Here, we demonstrate the AutoBayes system, which takes a high-level
statistical model specification, uses powerful symbolic techniques
based on schema-based program synthesis and computer algebra to derive
an efficient specialized algorithm for learning that model, and
generates executable C or Matlab code implementing that algorithm.
This capability is far beyond that of code collections such as Matlab toolboxes or even tools for model-independent optimization such as BUGS for Gibbs sampling: complex new algorithms can be generated without new programming, algorithms can be highly specialized and tightly crafted for the exact structure of the model and data, and efficient and commented code can be generated for different languages or systems. We present a number of examples of automatically-derived algorithms ranging from closed-form solutions of Bayesian textbook problems to recently-proposed EM algorithms for clustering, regression, and a multinomial form of PCA.

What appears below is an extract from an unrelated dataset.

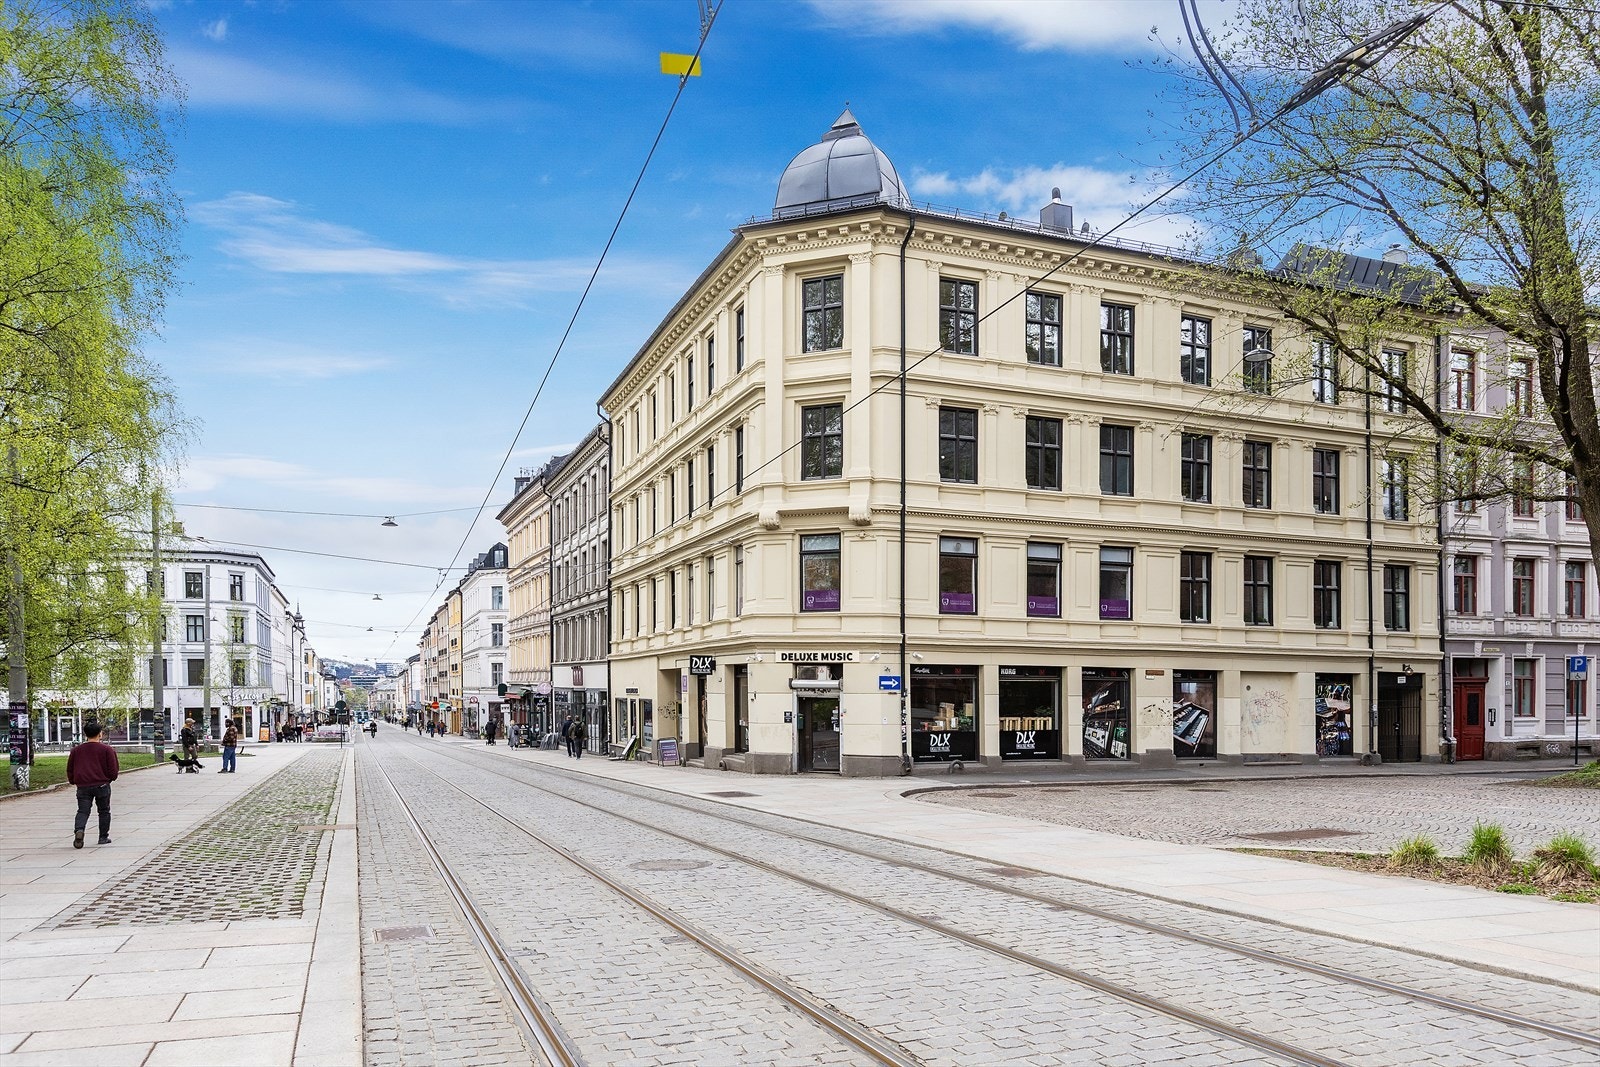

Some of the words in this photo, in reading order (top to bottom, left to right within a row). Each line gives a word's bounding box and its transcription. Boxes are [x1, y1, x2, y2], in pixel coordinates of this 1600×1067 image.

The AutoBayes Project was begun by Dr. Wray Buntine (one of the pioneers of this general perspective in machine learning) in 1995 and also consists of Dr. Bernd Fischer and Dr. Johann Schumann (experts in automated software engineering) at NASA Ames, and myself. I joined the project in 2001 with the goal of pushing AutoBayes to the point of becoming a serious tool for the machine learning research community. To this end I've been working to extend the capabilities of the system with algorithmic schemas of recent interest in machine learning research, including particle filters, Kalman filter variants, and fast tree-based learning algorithms.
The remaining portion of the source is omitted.